2. Nostradamus Methods of Prophecy
Nostradamus was essentially a trance channeller. Trance channellers, which have been around from before the days of John The Baptist and are still around today, communicate with supernatural entities and spirits in order to predict the future. Usually the method is to first conjure a spirit (or spirit guide as they are called today) and then host the entity inside your body and ask them to provide you with a vision.
Examples of modern day trance channellers include Elizabeth Clare Prophet (who channels the angels) and Derek Acorah (an English channeller who communicates with dead spirits.) Another very famous trance channeller is the healer Edgar Cayce, who went into a trance in order to communicate with his spirits who gave him divine remedies for certain physical disorders.
Two of the methods that Nostradamus used for inducing his prophetic visions are from ancient pagan traditions. He used scrying – staring into a flame or staring into a bowl of water to send him into a trance. He also followed the ritualistic practice associated with the Delphic priestess Branchus who was a famous soothsayer who attended at the Oracle of Delphi. He would sit, feet flat on the floor with a straight spine on a brass stool (called a tripod in his own writings) whose legs were angled at the exact same degrees as the Egyptian pyramids. The dimensions of the stool were thought to create an electromagnetic energy that weakened the veil between this world and the supernatural world.
He explains his divinatory process exactly in the very first two quatrains of Century 1
Sitting alone at night in secret study;
it is placed on the brass tripod.
A slight flame comes out of the emptiness and
makes successful that which should not be believed in vain.
The wand in the hand is placed in the middle of the tripod’s legs.
With water he sprinkles both the hem of his garment and his foot.
A voice, fear: he trembles in his robes.
Divine splendor; the God sits nearby.

Pythia of Delphi (a high priestess of the Oracle of Delphi) sitting on top of a copper tripod much like the one Nostradamus used.
Nostradamus would also sometimes place a bowl of steaming water and pungent oils and spices on a tripod also made with the same dimensions.

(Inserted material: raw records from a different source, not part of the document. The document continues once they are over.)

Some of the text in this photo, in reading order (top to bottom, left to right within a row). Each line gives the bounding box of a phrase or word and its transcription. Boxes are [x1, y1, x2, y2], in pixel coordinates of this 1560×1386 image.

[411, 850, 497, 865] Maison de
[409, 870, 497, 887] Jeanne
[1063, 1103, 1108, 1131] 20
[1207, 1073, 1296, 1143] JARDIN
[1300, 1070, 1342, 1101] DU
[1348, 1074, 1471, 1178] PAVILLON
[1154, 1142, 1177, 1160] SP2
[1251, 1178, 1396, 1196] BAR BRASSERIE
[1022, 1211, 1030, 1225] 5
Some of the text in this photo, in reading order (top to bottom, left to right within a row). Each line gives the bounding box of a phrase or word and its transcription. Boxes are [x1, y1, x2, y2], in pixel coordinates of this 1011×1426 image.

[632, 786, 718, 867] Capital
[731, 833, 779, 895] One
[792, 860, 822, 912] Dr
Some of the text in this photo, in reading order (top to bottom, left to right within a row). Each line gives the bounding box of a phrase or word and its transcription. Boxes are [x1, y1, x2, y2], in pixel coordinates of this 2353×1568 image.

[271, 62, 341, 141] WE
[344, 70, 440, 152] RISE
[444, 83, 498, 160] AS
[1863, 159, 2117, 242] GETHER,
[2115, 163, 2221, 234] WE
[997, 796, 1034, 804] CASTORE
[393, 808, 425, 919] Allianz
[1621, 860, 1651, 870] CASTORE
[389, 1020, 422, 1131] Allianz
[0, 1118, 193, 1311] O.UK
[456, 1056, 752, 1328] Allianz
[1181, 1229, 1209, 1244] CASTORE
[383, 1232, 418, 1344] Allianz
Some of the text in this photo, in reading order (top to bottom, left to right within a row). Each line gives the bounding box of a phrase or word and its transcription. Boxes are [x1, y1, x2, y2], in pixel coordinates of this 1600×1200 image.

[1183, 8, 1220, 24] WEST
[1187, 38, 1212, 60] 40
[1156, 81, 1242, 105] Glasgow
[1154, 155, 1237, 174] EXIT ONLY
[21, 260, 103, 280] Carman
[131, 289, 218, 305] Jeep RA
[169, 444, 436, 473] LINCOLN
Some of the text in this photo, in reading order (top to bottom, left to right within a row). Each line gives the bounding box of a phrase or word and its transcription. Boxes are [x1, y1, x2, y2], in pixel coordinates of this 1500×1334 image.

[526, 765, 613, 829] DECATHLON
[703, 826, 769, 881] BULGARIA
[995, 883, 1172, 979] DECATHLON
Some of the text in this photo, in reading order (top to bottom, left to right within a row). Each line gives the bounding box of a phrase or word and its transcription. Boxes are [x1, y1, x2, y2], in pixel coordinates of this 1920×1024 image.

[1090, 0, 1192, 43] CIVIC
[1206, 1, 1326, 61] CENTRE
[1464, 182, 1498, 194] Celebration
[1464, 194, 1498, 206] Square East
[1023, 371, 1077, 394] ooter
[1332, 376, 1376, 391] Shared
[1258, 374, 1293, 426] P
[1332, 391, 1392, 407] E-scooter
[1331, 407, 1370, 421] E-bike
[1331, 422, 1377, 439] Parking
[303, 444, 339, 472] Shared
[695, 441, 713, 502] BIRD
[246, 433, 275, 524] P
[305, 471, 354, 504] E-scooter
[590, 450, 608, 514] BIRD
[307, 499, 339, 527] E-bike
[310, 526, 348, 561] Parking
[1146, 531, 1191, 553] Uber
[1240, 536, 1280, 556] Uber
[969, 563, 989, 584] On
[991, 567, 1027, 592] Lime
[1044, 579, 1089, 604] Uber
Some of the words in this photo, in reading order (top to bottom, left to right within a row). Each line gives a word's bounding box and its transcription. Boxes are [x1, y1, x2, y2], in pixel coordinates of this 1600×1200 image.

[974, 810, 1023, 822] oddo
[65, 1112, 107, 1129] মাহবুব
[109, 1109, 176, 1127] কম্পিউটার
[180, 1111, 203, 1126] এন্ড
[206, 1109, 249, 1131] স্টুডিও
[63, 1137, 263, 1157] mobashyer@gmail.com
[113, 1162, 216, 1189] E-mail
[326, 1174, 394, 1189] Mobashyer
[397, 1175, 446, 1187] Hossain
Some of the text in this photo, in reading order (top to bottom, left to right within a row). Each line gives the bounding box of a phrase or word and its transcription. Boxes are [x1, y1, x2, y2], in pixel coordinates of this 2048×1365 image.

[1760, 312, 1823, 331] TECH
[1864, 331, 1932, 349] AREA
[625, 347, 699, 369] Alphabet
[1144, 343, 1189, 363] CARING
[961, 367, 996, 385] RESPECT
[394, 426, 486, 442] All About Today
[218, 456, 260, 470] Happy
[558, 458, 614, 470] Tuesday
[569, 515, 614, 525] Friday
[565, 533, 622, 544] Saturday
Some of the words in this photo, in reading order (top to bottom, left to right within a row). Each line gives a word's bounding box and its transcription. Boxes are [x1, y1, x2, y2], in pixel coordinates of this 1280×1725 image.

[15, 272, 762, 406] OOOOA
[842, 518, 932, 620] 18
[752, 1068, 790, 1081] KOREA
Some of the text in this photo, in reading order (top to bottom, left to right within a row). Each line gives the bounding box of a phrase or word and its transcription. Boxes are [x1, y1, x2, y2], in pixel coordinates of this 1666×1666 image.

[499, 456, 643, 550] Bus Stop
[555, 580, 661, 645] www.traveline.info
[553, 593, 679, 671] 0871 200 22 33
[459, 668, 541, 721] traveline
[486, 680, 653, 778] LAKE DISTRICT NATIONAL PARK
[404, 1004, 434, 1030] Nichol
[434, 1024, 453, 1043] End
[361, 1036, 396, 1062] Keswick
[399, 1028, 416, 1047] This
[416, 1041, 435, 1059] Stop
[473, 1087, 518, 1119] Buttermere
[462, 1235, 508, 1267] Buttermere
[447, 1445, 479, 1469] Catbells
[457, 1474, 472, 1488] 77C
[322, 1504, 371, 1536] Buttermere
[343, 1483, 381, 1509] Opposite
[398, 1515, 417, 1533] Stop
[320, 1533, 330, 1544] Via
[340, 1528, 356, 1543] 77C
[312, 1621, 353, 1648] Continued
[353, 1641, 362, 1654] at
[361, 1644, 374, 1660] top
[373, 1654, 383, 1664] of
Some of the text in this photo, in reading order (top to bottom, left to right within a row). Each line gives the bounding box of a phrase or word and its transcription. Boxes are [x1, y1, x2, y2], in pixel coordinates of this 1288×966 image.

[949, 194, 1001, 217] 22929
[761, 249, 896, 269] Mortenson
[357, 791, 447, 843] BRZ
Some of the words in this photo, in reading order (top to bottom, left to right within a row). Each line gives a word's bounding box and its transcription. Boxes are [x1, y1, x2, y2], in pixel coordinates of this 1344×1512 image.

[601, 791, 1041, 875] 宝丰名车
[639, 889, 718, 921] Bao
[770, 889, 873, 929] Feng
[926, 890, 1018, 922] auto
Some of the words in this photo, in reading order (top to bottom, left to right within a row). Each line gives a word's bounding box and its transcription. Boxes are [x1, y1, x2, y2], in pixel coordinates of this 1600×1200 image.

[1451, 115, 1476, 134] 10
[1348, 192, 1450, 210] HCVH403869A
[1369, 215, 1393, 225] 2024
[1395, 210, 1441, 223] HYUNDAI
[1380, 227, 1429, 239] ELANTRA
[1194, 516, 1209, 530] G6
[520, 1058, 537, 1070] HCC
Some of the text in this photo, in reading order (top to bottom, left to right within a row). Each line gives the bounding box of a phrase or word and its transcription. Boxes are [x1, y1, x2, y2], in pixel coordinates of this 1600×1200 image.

He may have also ingested nutmeg, which is slightly hallucinogenic in order to put him in a trance.
As tripods were mainly used in the temples of Athena and Apollo he was likely working with the deceased spirits of human attendees at these alters (such as Branchus or Pythia) or summoning the energies of a God like Apollo. The reason I say this is that this simply isn’t a Christian ritual and it is not monotheistic in nature. In no way was Nostradamus contacting the God that he so devoutly appeared to worship during the day.

An image of Nostradamus Using a Divining Wand
Here again, in a very famous letter he wrote to Henry II, the King of France he describes in detail his divination process.
“I emptied my soul, brain and heart of all care and attained a state of tranquility and stillness of mind which are prerequisites for predicting by means of the brass tripod. Although the everlasting God alone knows the eternity of light proceeding from himself, I say frankly to all to whom he wishes to reveal his immense magnitude—infinite and unknowable as it is—after long and meditative inspiration, that it is a hidden thing divinely manifested to the prophet by two means: One comes by infusion which clarifies the supernatural light in the one who predicts by the stars, making possible divine revelation; the other comes by means of participation with the divine eternity, by which means the prophet can judge what is given from his (her) own divine spirit through God the Creator and natural intuition.”
As he was writing to the King, Nostradamus would naturally imply that he was channeling God the creator when it was more likely he we would be channeling Apollo. This pretense towards connecting toward God The Creator through a manner other than prayer, was in fact a form of heresy in his day that seemed to be overlooked in his case as he so often would prove to be accurate.